Vanda sanderiana – that is what the folks at the Philippine Orchid Society and a lot of hobbyists call this orchid. But to people from Davao, Cotabato and Zamboanga, where this orchid is, we call it waling-waling. Before scientists propagated it in nurseries under laboratory conditions, waling-waling only grows as an epiphyte attached to dipterocarp forest trees.

Waling-waling produces beautiful flowers worthy of its description as the “Queen of Philippine Orchids”.  The species bloom in the Philippines from July to October, usually after experiencing close to a month of continuous downpour brought about by the monsoon.

Having a waling-waling in our garden and watching it grew from a small seedling to a full-grown plant is one my those things I  always wanted to do. I cannot afford the hobby when I was young. And I did not have time to do it when I was engaged in full-time corporate work. So when, I took the early retirement plunge, I finally had the chance to do it!

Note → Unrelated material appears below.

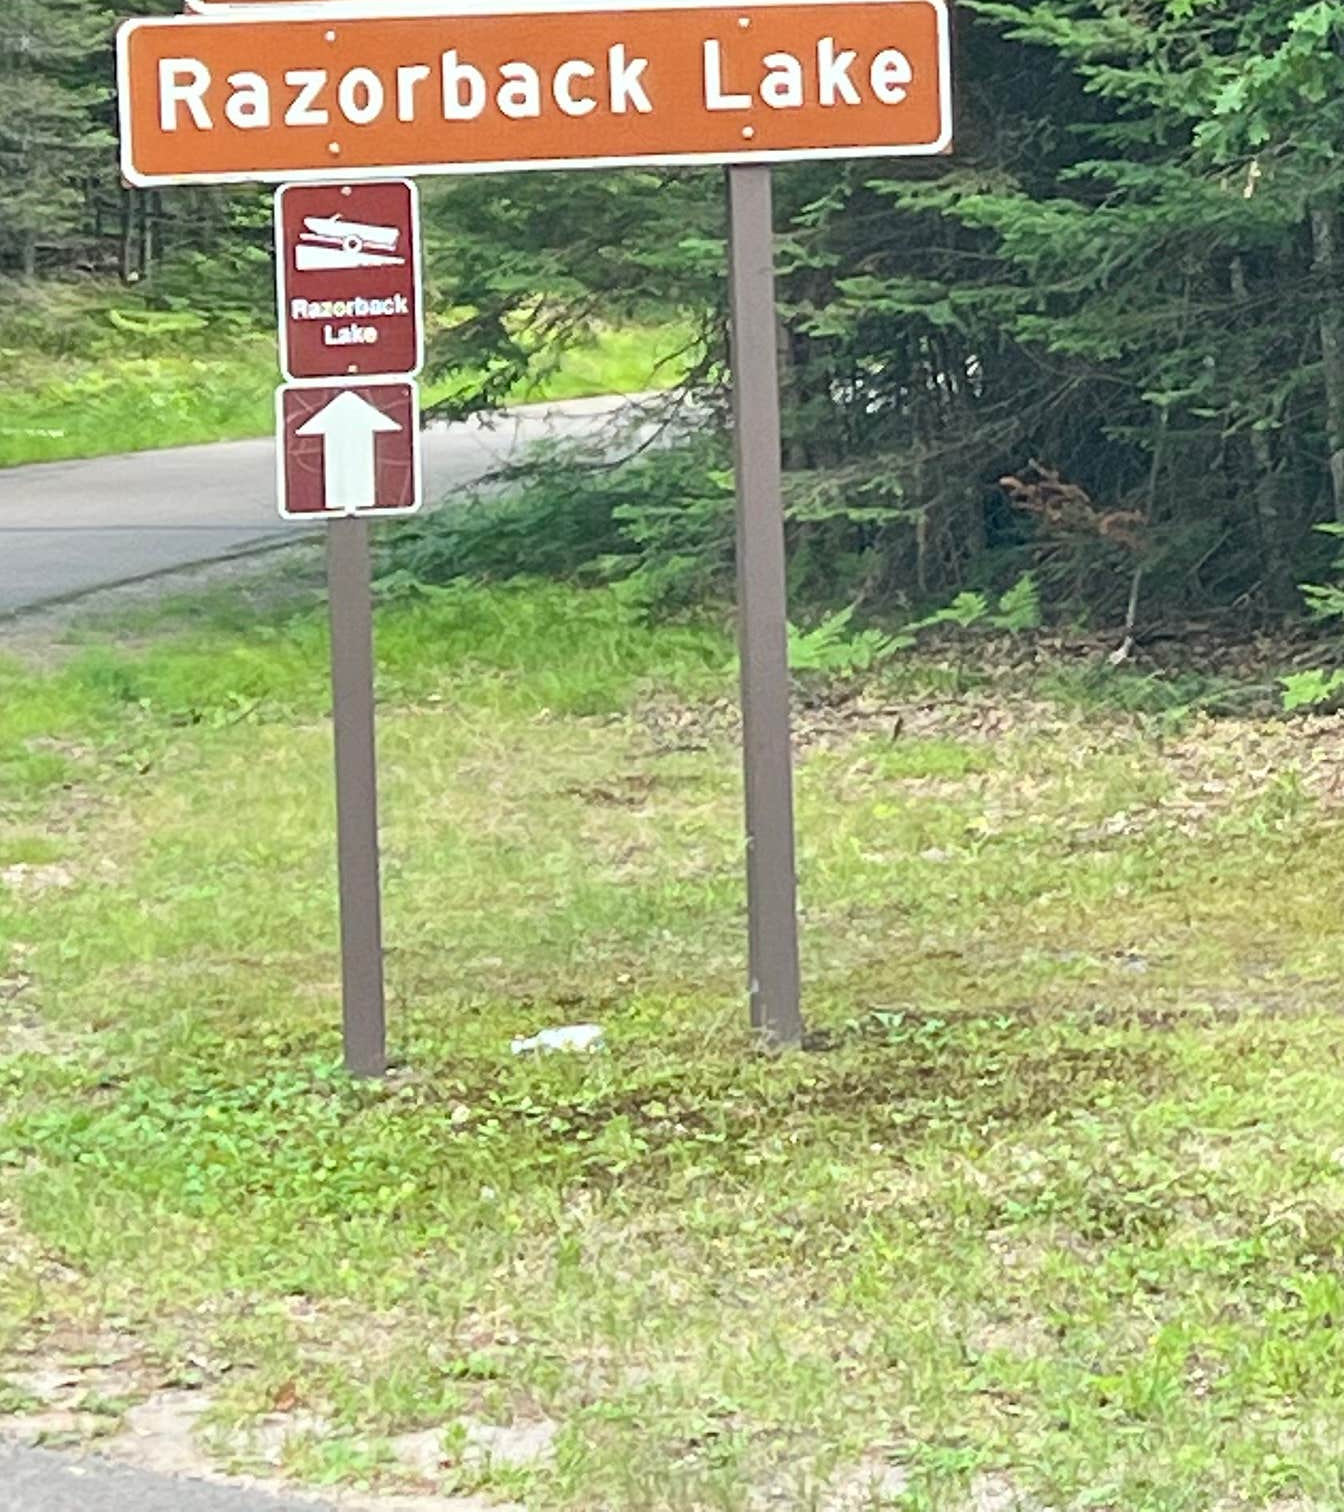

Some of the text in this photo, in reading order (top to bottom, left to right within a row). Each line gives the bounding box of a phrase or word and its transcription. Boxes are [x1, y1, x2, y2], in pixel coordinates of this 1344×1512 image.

I bought the young plant (less than 4 inches tall) in 2005. I attached it to a driftwood and watched it grew to full size until it had its first spike four years later. So, for more than two weeks sometime in July to August 2009, I was watching the orchid develop from spike to bud to full bloom to the time its last petals fall. And I took snapshots of the waling-waling orchid from bud to full bloom.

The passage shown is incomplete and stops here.